Excerpts from a dataset

[Start of section]

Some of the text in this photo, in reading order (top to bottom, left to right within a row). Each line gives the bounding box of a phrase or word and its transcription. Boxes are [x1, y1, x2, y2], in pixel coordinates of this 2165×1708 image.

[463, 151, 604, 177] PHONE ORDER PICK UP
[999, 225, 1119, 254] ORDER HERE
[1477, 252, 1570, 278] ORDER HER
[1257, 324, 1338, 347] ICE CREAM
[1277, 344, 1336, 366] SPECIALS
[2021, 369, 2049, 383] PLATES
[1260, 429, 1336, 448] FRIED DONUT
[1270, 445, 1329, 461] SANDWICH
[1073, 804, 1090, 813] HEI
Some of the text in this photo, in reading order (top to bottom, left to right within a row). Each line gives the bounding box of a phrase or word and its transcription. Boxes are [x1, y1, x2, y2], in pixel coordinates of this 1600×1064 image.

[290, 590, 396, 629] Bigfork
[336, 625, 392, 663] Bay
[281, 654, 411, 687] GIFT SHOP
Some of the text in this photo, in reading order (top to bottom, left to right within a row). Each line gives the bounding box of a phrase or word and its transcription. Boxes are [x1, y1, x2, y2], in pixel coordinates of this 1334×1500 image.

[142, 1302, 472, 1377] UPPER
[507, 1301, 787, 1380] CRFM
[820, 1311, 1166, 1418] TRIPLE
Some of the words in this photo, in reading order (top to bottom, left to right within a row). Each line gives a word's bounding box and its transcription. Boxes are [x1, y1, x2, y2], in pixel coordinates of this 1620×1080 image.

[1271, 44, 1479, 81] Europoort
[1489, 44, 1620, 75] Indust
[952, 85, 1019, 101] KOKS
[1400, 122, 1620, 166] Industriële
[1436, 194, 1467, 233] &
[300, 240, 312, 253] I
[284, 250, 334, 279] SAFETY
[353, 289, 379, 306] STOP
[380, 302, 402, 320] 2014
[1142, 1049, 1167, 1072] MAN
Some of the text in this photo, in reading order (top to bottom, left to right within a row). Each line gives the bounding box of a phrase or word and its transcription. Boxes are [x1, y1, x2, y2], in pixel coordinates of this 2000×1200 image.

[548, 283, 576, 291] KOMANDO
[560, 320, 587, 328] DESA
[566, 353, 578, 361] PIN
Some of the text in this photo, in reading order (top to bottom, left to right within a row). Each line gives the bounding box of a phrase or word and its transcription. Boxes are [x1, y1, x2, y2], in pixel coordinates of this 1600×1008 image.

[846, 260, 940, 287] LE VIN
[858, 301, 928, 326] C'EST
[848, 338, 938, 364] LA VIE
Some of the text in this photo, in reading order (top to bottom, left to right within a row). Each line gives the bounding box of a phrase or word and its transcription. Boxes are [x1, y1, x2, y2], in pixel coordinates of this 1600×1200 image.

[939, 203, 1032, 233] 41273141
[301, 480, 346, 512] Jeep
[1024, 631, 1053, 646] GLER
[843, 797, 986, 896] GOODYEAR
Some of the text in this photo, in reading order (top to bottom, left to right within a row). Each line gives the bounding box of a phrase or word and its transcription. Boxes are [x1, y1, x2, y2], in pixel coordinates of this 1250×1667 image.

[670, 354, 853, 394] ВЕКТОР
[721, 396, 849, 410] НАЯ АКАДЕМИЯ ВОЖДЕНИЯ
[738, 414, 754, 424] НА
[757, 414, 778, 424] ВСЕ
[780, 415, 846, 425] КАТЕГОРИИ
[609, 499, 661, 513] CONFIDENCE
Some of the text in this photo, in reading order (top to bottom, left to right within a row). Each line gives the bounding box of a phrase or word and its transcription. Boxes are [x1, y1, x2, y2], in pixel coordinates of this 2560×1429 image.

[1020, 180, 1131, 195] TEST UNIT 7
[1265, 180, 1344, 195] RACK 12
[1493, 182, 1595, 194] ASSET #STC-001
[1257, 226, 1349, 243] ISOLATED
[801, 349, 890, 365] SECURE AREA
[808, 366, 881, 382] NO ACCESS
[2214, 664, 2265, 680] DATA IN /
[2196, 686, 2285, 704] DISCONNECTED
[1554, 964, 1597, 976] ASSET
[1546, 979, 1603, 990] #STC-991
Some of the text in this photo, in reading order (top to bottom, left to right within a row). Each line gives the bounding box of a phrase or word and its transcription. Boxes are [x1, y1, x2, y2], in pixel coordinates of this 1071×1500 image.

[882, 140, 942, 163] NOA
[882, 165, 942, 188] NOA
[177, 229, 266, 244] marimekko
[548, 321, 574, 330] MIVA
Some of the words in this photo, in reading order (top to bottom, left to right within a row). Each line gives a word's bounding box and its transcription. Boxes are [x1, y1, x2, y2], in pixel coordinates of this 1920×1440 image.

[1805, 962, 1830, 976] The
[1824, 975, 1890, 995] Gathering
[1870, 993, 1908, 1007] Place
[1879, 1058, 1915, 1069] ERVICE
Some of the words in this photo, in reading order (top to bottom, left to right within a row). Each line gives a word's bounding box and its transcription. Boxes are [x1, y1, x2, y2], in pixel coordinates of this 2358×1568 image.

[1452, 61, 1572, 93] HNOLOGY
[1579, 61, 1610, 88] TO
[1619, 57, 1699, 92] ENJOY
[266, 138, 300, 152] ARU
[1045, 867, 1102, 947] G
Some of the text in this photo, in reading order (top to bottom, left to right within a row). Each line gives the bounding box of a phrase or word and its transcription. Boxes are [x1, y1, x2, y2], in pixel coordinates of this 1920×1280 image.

[End of section]

### Exercise instructions
Exactly reproduce every line of the records.

### Solved exercise
Some of the text in this photo, in reading order (top to bottom, left to right within a row). Each line gives the bounding box of a phrase or word and its transcription. Boxes are [x1, y1, x2, y2], in pixel coordinates of this 2165×1708 image.

[463, 151, 604, 177] PHONE ORDER PICK UP
[999, 225, 1119, 254] ORDER HERE
[1477, 252, 1570, 278] ORDER HER
[1257, 324, 1338, 347] ICE CREAM
[1277, 344, 1336, 366] SPECIALS
[2021, 369, 2049, 383] PLATES
[1260, 429, 1336, 448] FRIED DONUT
[1270, 445, 1329, 461] SANDWICH
[1073, 804, 1090, 813] HEI
Some of the text in this photo, in reading order (top to bottom, left to right within a row). Each line gives the bounding box of a phrase or word and its transcription. Boxes are [x1, y1, x2, y2], in pixel coordinates of this 1600×1064 image.

[290, 590, 396, 629] Bigfork
[336, 625, 392, 663] Bay
[281, 654, 411, 687] GIFT SHOP
Some of the text in this photo, in reading order (top to bottom, left to right within a row). Each line gives the bounding box of a phrase or word and its transcription. Boxes are [x1, y1, x2, y2], in pixel coordinates of this 1334×1500 image.

[142, 1302, 472, 1377] UPPER
[507, 1301, 787, 1380] CRFM
[820, 1311, 1166, 1418] TRIPLE
Some of the words in this photo, in reading order (top to bottom, left to right within a row). Each line gives a word's bounding box and its transcription. Boxes are [x1, y1, x2, y2], in pixel coordinates of this 1620×1080 image.

[1271, 44, 1479, 81] Europoort
[1489, 44, 1620, 75] Indust
[952, 85, 1019, 101] KOKS
[1400, 122, 1620, 166] Industriële
[1436, 194, 1467, 233] &
[300, 240, 312, 253] I
[284, 250, 334, 279] SAFETY
[353, 289, 379, 306] STOP
[380, 302, 402, 320] 2014
[1142, 1049, 1167, 1072] MAN
Some of the text in this photo, in reading order (top to bottom, left to right within a row). Each line gives the bounding box of a phrase or word and its transcription. Boxes are [x1, y1, x2, y2], in pixel coordinates of this 2000×1200 image.

[548, 283, 576, 291] KOMANDO
[560, 320, 587, 328] DESA
[566, 353, 578, 361] PIN
Some of the text in this photo, in reading order (top to bottom, left to right within a row). Each line gives the bounding box of a phrase or word and its transcription. Boxes are [x1, y1, x2, y2], in pixel coordinates of this 1600×1008 image.

[846, 260, 940, 287] LE VIN
[858, 301, 928, 326] C'EST
[848, 338, 938, 364] LA VIE
Some of the text in this photo, in reading order (top to bottom, left to right within a row). Each line gives the bounding box of a phrase or word and its transcription. Boxes are [x1, y1, x2, y2], in pixel coordinates of this 1600×1200 image.

[939, 203, 1032, 233] 41273141
[301, 480, 346, 512] Jeep
[1024, 631, 1053, 646] GLER
[843, 797, 986, 896] GOODYEAR
Some of the text in this photo, in reading order (top to bottom, left to right within a row). Each line gives the bounding box of a phrase or word and its transcription. Boxes are [x1, y1, x2, y2], in pixel coordinates of this 1250×1667 image.

[670, 354, 853, 394] ВЕКТОР
[721, 396, 849, 410] НАЯ АКАДЕМИЯ ВОЖДЕНИЯ
[738, 414, 754, 424] НА
[757, 414, 778, 424] ВСЕ
[780, 415, 846, 425] КАТЕГОРИИ
[609, 499, 661, 513] CONFIDENCE
Some of the text in this photo, in reading order (top to bottom, left to right within a row). Each line gives the bounding box of a phrase or word and its transcription. Boxes are [x1, y1, x2, y2], in pixel coordinates of this 2560×1429 image.

[1020, 180, 1131, 195] TEST UNIT 7
[1265, 180, 1344, 195] RACK 12
[1493, 182, 1595, 194] ASSET #STC-001
[1257, 226, 1349, 243] ISOLATED
[801, 349, 890, 365] SECURE AREA
[808, 366, 881, 382] NO ACCESS
[2214, 664, 2265, 680] DATA IN /
[2196, 686, 2285, 704] DISCONNECTED
[1554, 964, 1597, 976] ASSET
[1546, 979, 1603, 990] #STC-991
Some of the text in this photo, in reading order (top to bottom, left to right within a row). Each line gives the bounding box of a phrase or word and its transcription. Boxes are [x1, y1, x2, y2], in pixel coordinates of this 1071×1500 image.

[882, 140, 942, 163] NOA
[882, 165, 942, 188] NOA
[177, 229, 266, 244] marimekko
[548, 321, 574, 330] MIVA
Some of the words in this photo, in reading order (top to bottom, left to right within a row). Each line gives a word's bounding box and its transcription. Boxes are [x1, y1, x2, y2], in pixel coordinates of this 1920×1440 image.

[1805, 962, 1830, 976] The
[1824, 975, 1890, 995] Gathering
[1870, 993, 1908, 1007] Place
[1879, 1058, 1915, 1069] ERVICE
Some of the words in this photo, in reading order (top to bottom, left to right within a row). Each line gives a word's bounding box and its transcription. Boxes are [x1, y1, x2, y2], in pixel coordinates of this 2358×1568 image.

[1452, 61, 1572, 93] HNOLOGY
[1579, 61, 1610, 88] TO
[1619, 57, 1699, 92] ENJOY
[266, 138, 300, 152] ARU
[1045, 867, 1102, 947] G
Some of the text in this photo, in reading order (top to bottom, left to right within a row). Each line gives the bounding box of a phrase or word and its transcription. Boxes are [x1, y1, x2, y2], in pixel coordinates of this 1920×1280 image.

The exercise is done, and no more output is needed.